Assigned to work within the Presbyterian computer system from my hotel room, I spent two hours in frustration at my inability to get through multiple layers of access in order to connect my highly secured work laptop to the hotel’s Internet. A classmate finally figured out the path, based on issues she’d had previously with her connectivity from home. I remember, back in the dark ages when they were new to the workplace, how we were assured that computers would make things easier.

Hah!

My homework included an opportunity to provide feedback on fixes the system needs to make it into a more effective tool of care management. The programmers have had barely seven months to design a system that normally is budgeted for a year or more of development and testing. I do appreciate being given a voice – I just wish there were fewer issues for me to speak up about! And that the changes and improvements could come sooner than the projected six months out from “going live”, which happens in less than two months.

Is any of this beginning to sound like Healthcare.gov?

Remember, Niki, you were hired for your “adaptability, independence, ability to think on your feet” and your implied tolerance for a very unstable and changing work environment. I do have those skills in person, and person to person. I’m not so sure I have them when it’s a matter of interacting with “technology”. I still complete the cards my students earn in their CPR certification classes on a (gasp) typewriter because that is easier for me than trying to create a computer template that will instruct my printer to produce them with all the right info in the correct small spaces.

Call me a Luddite – I’ll wear that badge proudly!

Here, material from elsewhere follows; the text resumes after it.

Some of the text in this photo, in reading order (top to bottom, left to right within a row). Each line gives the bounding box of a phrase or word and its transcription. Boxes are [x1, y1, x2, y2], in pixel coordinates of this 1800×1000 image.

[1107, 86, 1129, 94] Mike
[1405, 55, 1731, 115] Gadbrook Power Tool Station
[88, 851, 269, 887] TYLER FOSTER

Until now, even the “field” workers for Presbyterian have been based in offices in towns and cities. They speak of those of us who will be working from our homes scattered in rural areas as working on the “frontier” – but still plan for us to use systems that rely on urban technology. I’ve only been able to access DSL at my home within the past year. If I lived a mile farther up the road I would not have it at all, would be dependent on satellite (or dial-up) and couldn’t get my work computer even to boot up due to timing out from the connection. As it is, the DSL flickers enough to pause my work on my fast and lightly loaded personal laptop – it repeatedly froze me out on the work computer which is slow and cumbersome, weighted down with multiple very complicated programs. Yet the concept is that I will take the laptop with me to client homes, to complete interviews and assessments.

I don’t think so.

Not when most of those homes don’t have connectivity at all – isn’t that what’s meant by the frontier? Out where people are living simply, often in the same way as their parents, grandparents, great grandparents, etc.?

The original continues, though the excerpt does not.